Ryan Suzuki – Barrie Colts – Player Profile

Height: 6’

Weight: 170 pounds

Date of birth: May 28, 2001

Hometown: London, Ontario

Position: Center

Shoots: Left

OHL Draft: 1st overall pick, 2017 Priority Selection

NHL Central Scouting Rankings: Pre-season, November: A prospect. Mid-term: 10th overall, NA

Barrie Colts’ pivot Ryan Suzuki is the younger brother of the Guelph Storm’s Nick Suzuki, who was the 13th overall pick at the 2017 National Hockey League Draft by the Vegas Golden Knights (since traded to the Montreal Canadiens). Many in the scouting community coming into this season believed Ryan would be picked higher then his elder brother come this June in Vancouver, British Columbia.

Ryan played his Minor Midget AAA hockey with the London Jr Knights during the 2016-2017 season amassing 19 goals and 40 assists in 32 games. He would add 9 goals and 13 assists in 11 playoff games, leading the Knights to the Championship. He led the league in assists and points and was named the Alliance Hockey Player of the Year.

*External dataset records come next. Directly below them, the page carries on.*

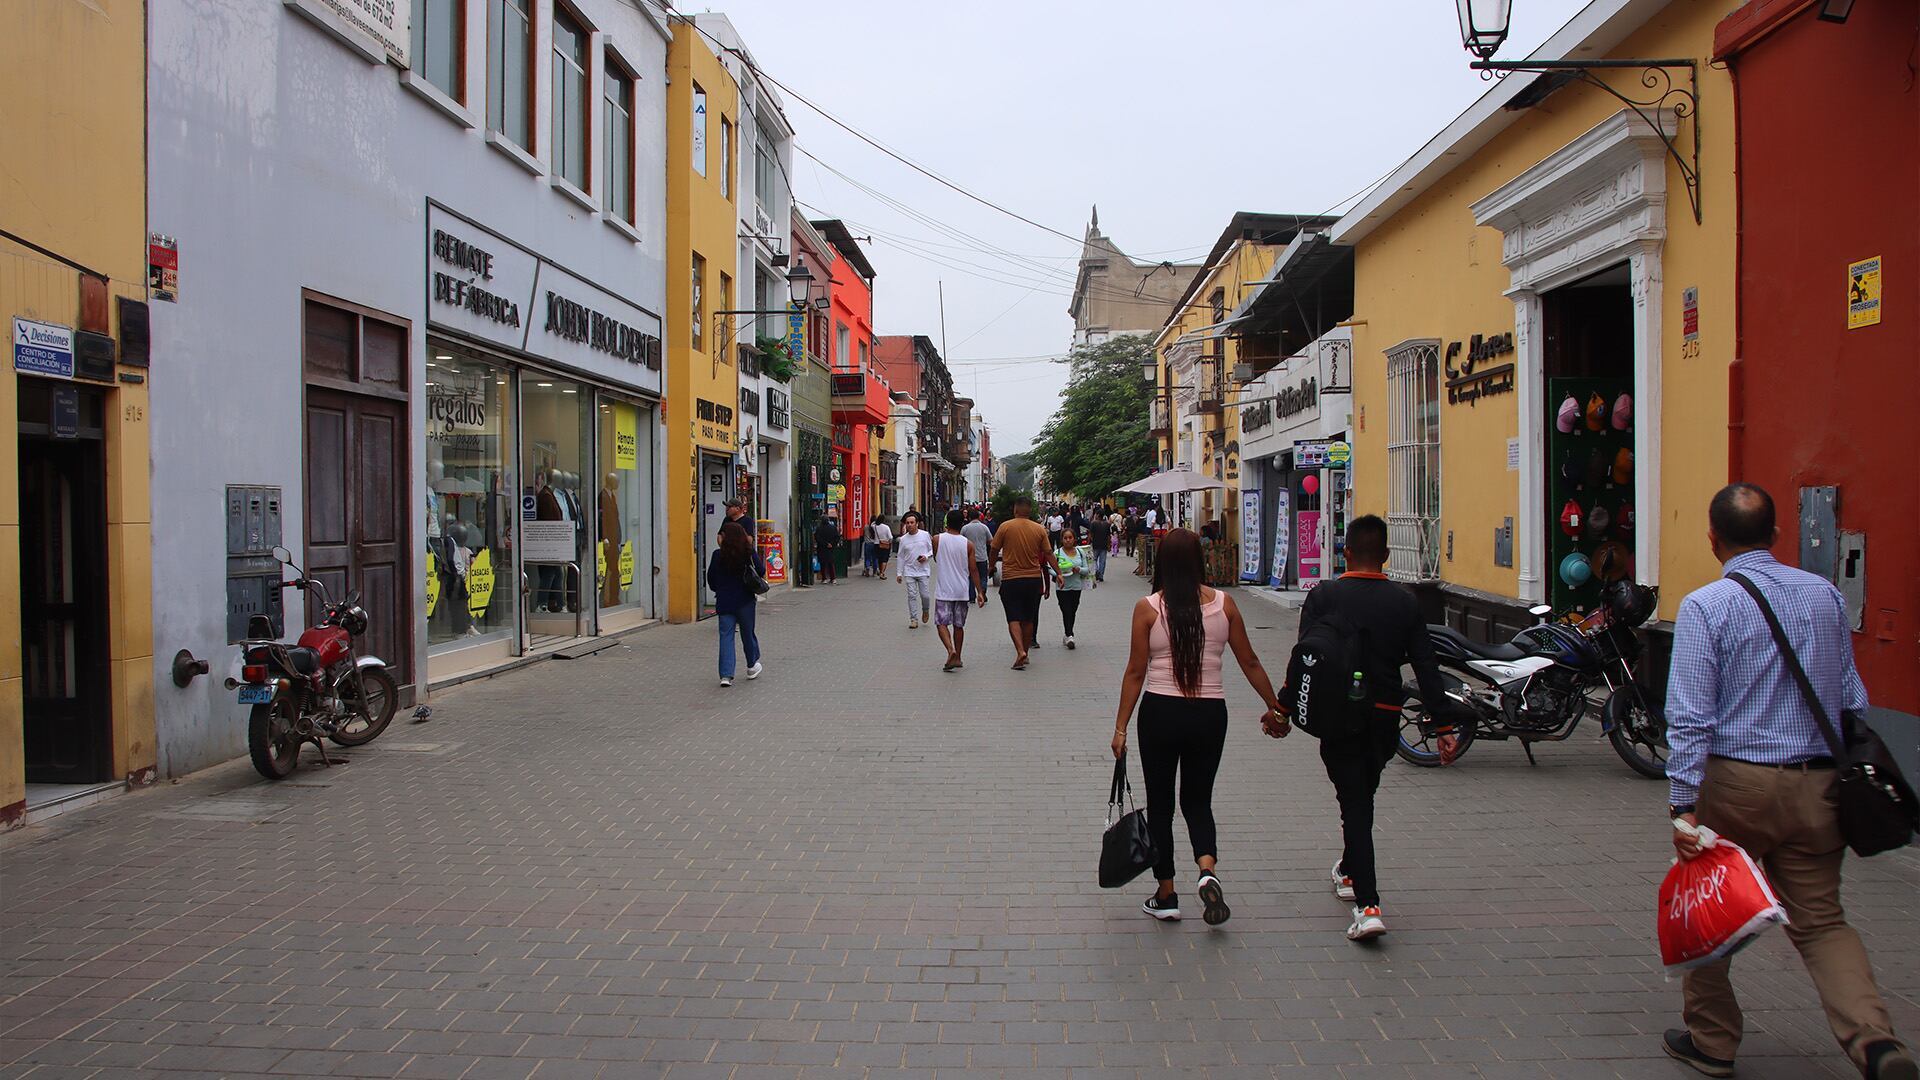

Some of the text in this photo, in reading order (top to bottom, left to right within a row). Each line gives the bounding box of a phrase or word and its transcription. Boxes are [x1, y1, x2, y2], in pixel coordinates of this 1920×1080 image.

[434, 229, 494, 281] REMATE
[1851, 299, 1878, 313] PROSEGUR
[31, 328, 69, 346] Decisiones
[545, 290, 647, 366] JOHN HOLDEN
[21, 347, 57, 361] CENTRO DE
[1321, 341, 1349, 351] CENTRO DE
[1331, 346, 1339, 387] MASAJES
[429, 391, 485, 433] regalos
[715, 403, 733, 427] STEP
[429, 431, 449, 442] PARA
[702, 425, 729, 444] PASO FIRME
[1300, 519, 1309, 554] LIPOLAX
[471, 567, 490, 577] CASACAS
[471, 582, 490, 594] S/29.90
[1297, 673, 1311, 726] adidas

Following his Minor Midget season, he would appear in 1 game with the London Nationals of the Greater Ontario Junior Hockey League scoring 2 goals. And in 6 playoff games he recorded a goal and 3 assists.

Ontario Hockey League Central Scouting had this to say about Ryan:

Ryan is one of the most skilled players in this year’s Priority Selection. He is the type of player that makes

everyone around him better. Ryan is an unselfish player that sees the ice better than most at this age group. He makes plays that a lot of people don’t see developing from the stands and his passes are usually tape to tape. He is a good skater with the ability to beat players off the rush. He is dangerous every time he is on the ice. Ryan will be an offensive force in the OHL.

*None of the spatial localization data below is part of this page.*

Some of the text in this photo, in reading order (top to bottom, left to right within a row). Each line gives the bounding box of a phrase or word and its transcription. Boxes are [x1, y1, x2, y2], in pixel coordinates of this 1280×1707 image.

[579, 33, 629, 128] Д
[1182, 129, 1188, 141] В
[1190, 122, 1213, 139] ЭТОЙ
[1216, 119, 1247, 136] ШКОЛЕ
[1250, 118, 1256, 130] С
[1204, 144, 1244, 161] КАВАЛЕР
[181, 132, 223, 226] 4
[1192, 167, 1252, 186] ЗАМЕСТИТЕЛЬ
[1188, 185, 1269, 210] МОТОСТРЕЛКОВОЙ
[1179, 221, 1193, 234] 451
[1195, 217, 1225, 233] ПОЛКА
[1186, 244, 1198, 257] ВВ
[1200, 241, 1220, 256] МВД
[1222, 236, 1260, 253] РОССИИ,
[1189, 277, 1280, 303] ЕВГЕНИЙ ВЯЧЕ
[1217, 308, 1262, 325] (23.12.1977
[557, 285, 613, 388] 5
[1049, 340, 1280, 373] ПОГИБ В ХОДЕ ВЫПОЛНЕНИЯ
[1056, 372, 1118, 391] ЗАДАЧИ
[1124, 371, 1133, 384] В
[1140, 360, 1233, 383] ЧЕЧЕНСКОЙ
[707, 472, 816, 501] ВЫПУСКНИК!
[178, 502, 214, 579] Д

Ryan Suzuki of the Barrie Colts. Photo by Terry Wilson / OHL Images.
Ryan Suzuki of the Barrie Colts. Photo by Terry Wilson / OHL Images

Ryan appeared in 64 games for the Colts last season compiling 14 goals and 30 assists. He would be named to the OHL Second All-Rookie Team. Ryan would also represent Canada at the World Hockey Challenge Under-17. In 6 games he scored 3 goals and 4 assists, helping Team Red capture a silver medal.

This season began with Ryan representing Canada once again, this time with Team Canada at the Hlinka-Gretzky Cup. He scored once and added 7 helpers and helping Canada win a Gold Medal.

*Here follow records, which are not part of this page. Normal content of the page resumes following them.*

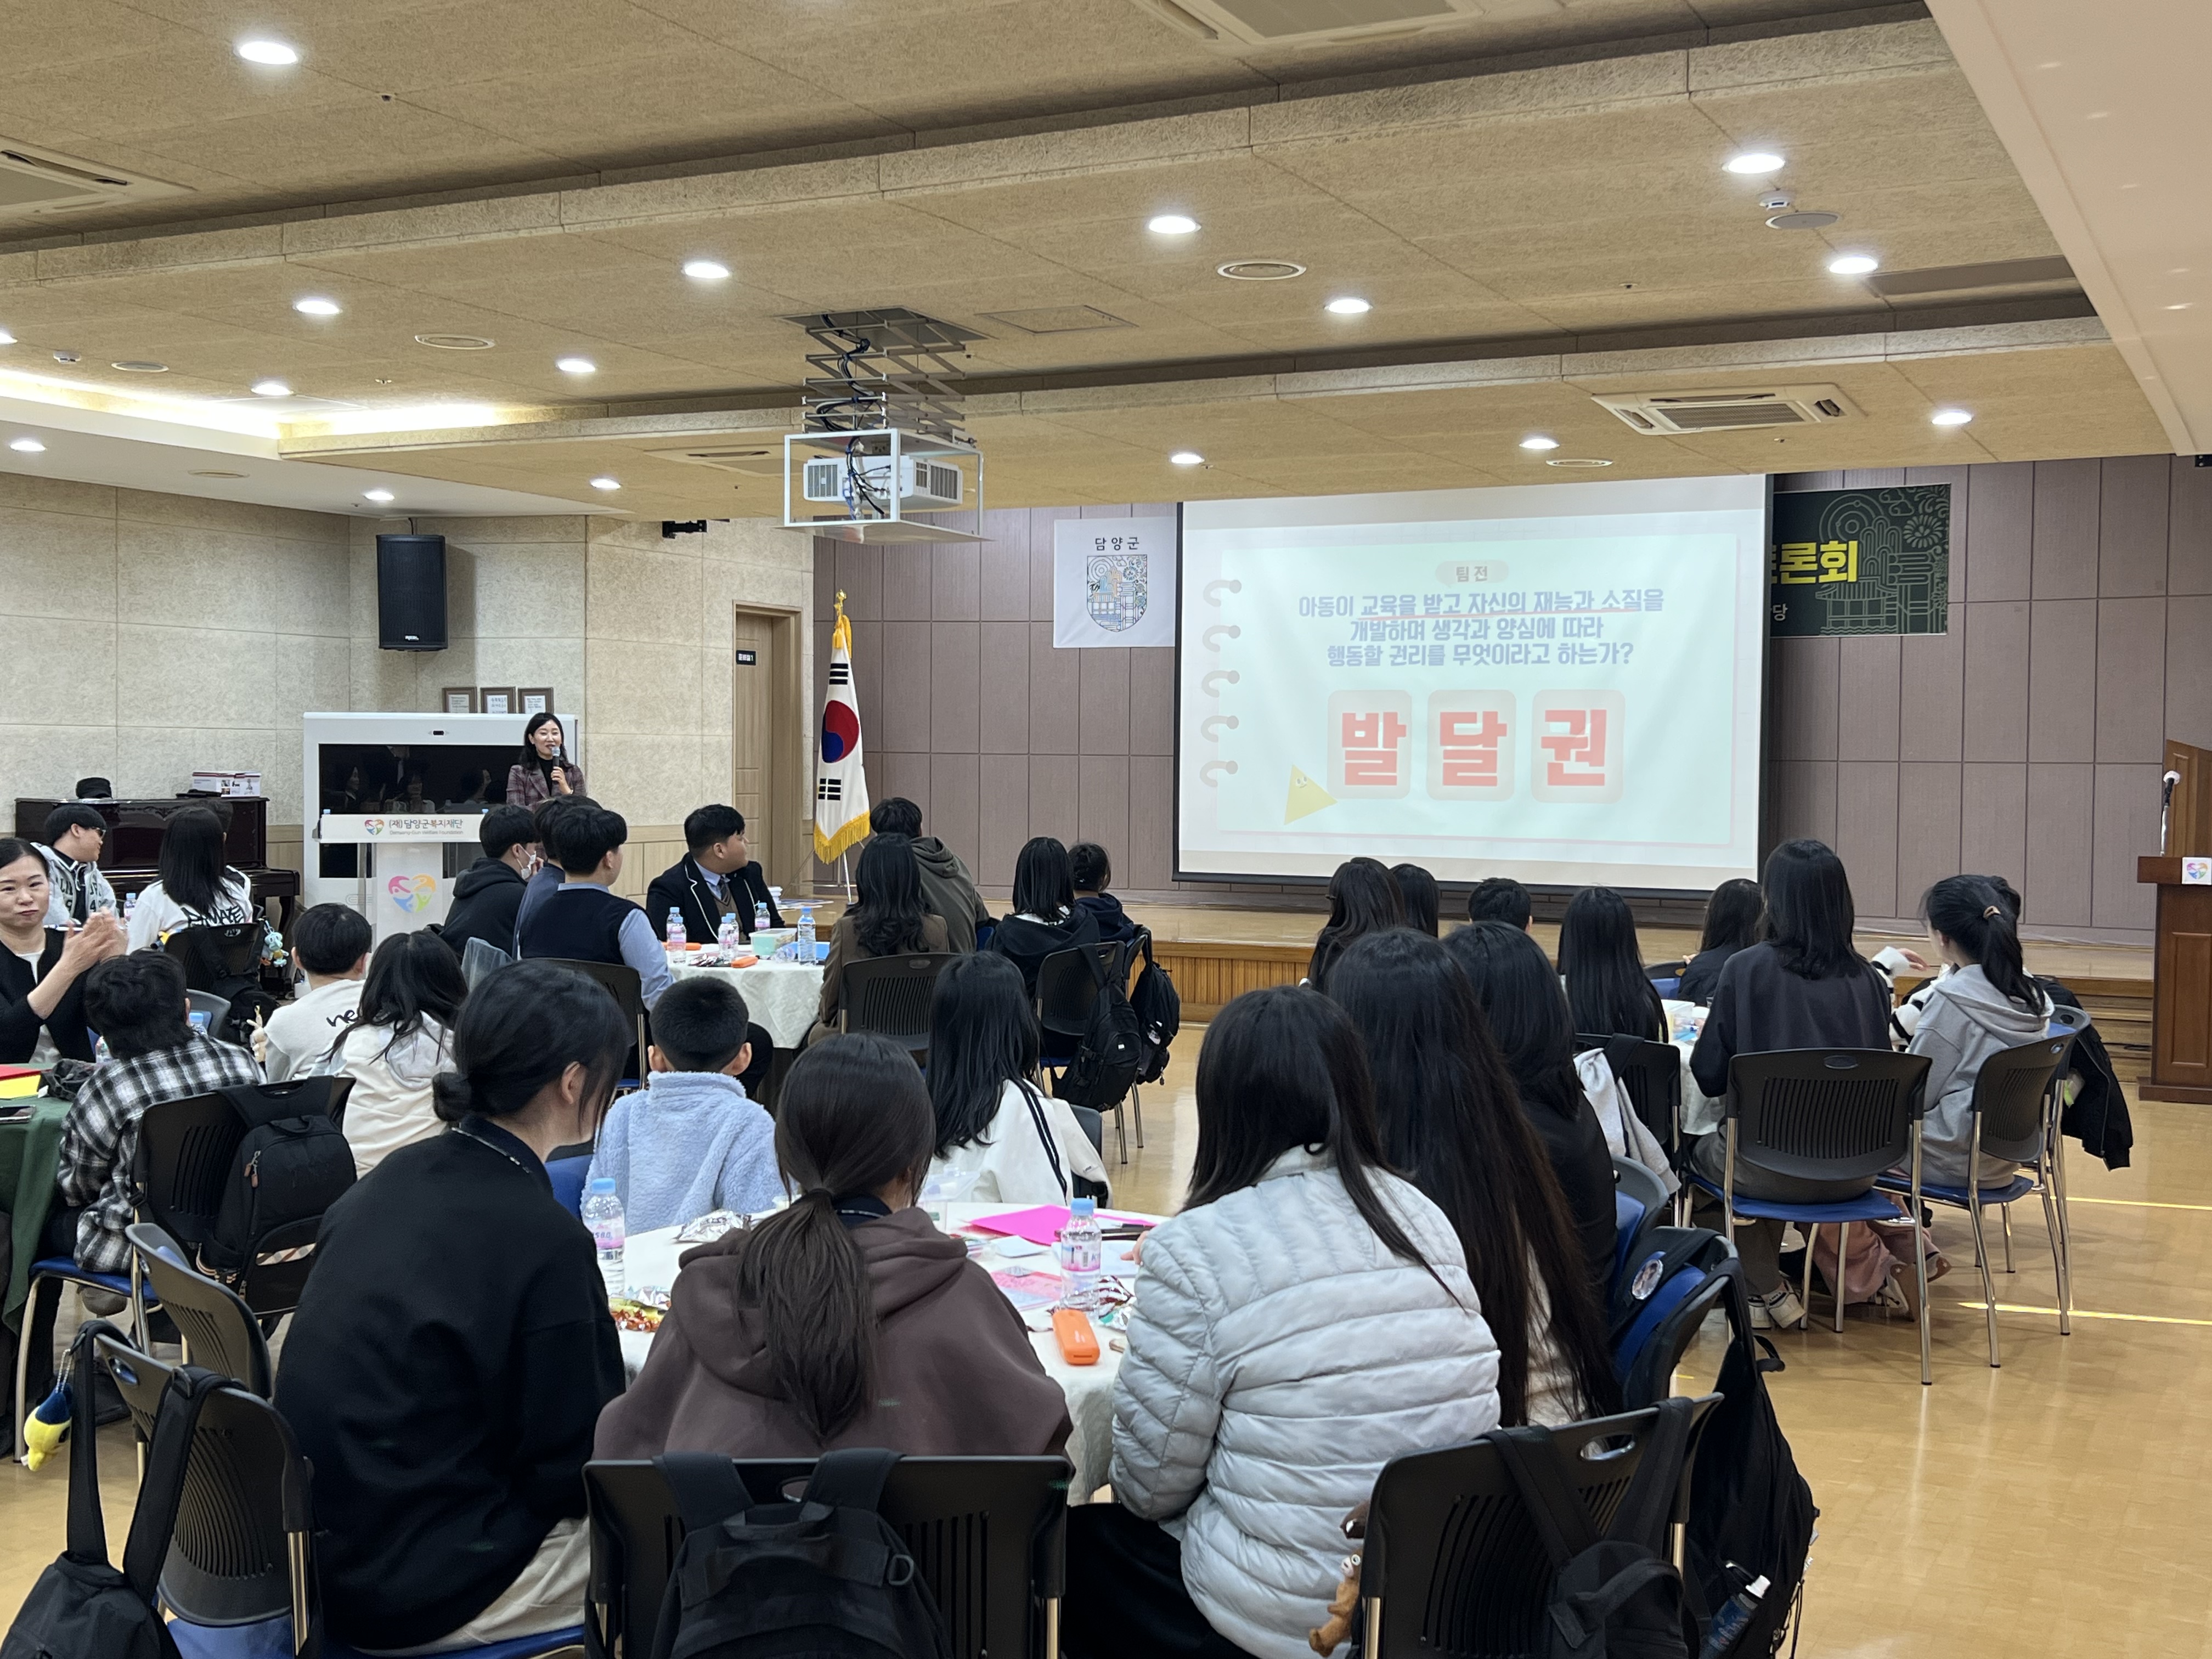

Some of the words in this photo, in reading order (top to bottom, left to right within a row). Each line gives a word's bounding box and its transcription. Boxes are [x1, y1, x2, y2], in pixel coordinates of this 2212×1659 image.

[1095, 537, 1139, 551] 담양군
[1771, 540, 1858, 584] 론회
[1299, 596, 1354, 618] 아동이
[1361, 595, 1416, 616] 교육을
[1424, 594, 1461, 614] 받고
[1468, 592, 1526, 614] 자신의
[1534, 590, 1594, 612] 재능과
[1601, 589, 1663, 611] 소질을
[1770, 603, 1788, 621] 당
[1350, 619, 1425, 641] 개발하며
[1432, 618, 1490, 640] 생각과
[1497, 617, 1555, 640] 양심에
[1563, 617, 1604, 638] 따라
[1327, 645, 1384, 667] 행동할
[1389, 644, 1445, 666] 권리를
[1452, 643, 1550, 665] 무엇이라고
[1558, 642, 1633, 664] 하는가?

The Colts did not make the playoffs this season, and sadly, Ryan’s OHL season has come to an end. He appeared in 65 games and scored 25 goals and 50 assists.

One area of Ryan’s game that he needs to work on is faceoffs. His game is best suited down the middle so improve on winning 453 of 989 draws (45.8%) is vital.

The second area is learning to be a more selfish player. Possessing the threat that you might shoot to go along with what borders on elite playmaking abilities opens up more possibilities. And Ryan has a very good shot. His shot percentage is at 16.5%, but when you consider he is at 18.2% from the low danger zone areas of the ice (19 of his goals come from that area), then you can see he can beat goaltenders from any area.

As mentioned, Ryan’s playmaking abilities border on elite. He sees the ice extremely well, and sees things developing before they actually do. And he can deliver a tape-to-tape pass or lead a teammate with a pass. The fact that 29 of his assists are primary assists speaks to the fact that he can deliver the disc for a scoring threat.

As much as Ryan is an offensive threat on the powerplay (8 goals and 20 assists) he has shown that he can be a threat when down a man as well, although the numbers don’t reflect that (2 goals, 1 assist). He thinks the game so well and has excellent anticipation that he can steal the puck defending and go on the attack in a flash. Defensively he understands the game and works hard at it. You won’t find many coming back on the backcheck harder then he does.

He transitions quickly. While he has good speed, I wouldn’t consider him a speedster. He is excellent at puck possession and gaining the zone with possession.

If you follow the independent scouting services available to you, then you will see there is a mixed bag of where Suzuki is ranked. The rankings are anywhere from 12th overall (including TSN’s Bob McKenzie’s ranking) to 23rd. NHL Central Scouting has him 10th among North American skaters and 2nd among OHL skaters, behind defenceman Thomas Harley of the Mississauga Steelheads.

Personally, I think it comes down to Suzuki and Arthur Kaliyev of the Hamilton Bulldogs. Take your pick: The playmaker or the goal scorer.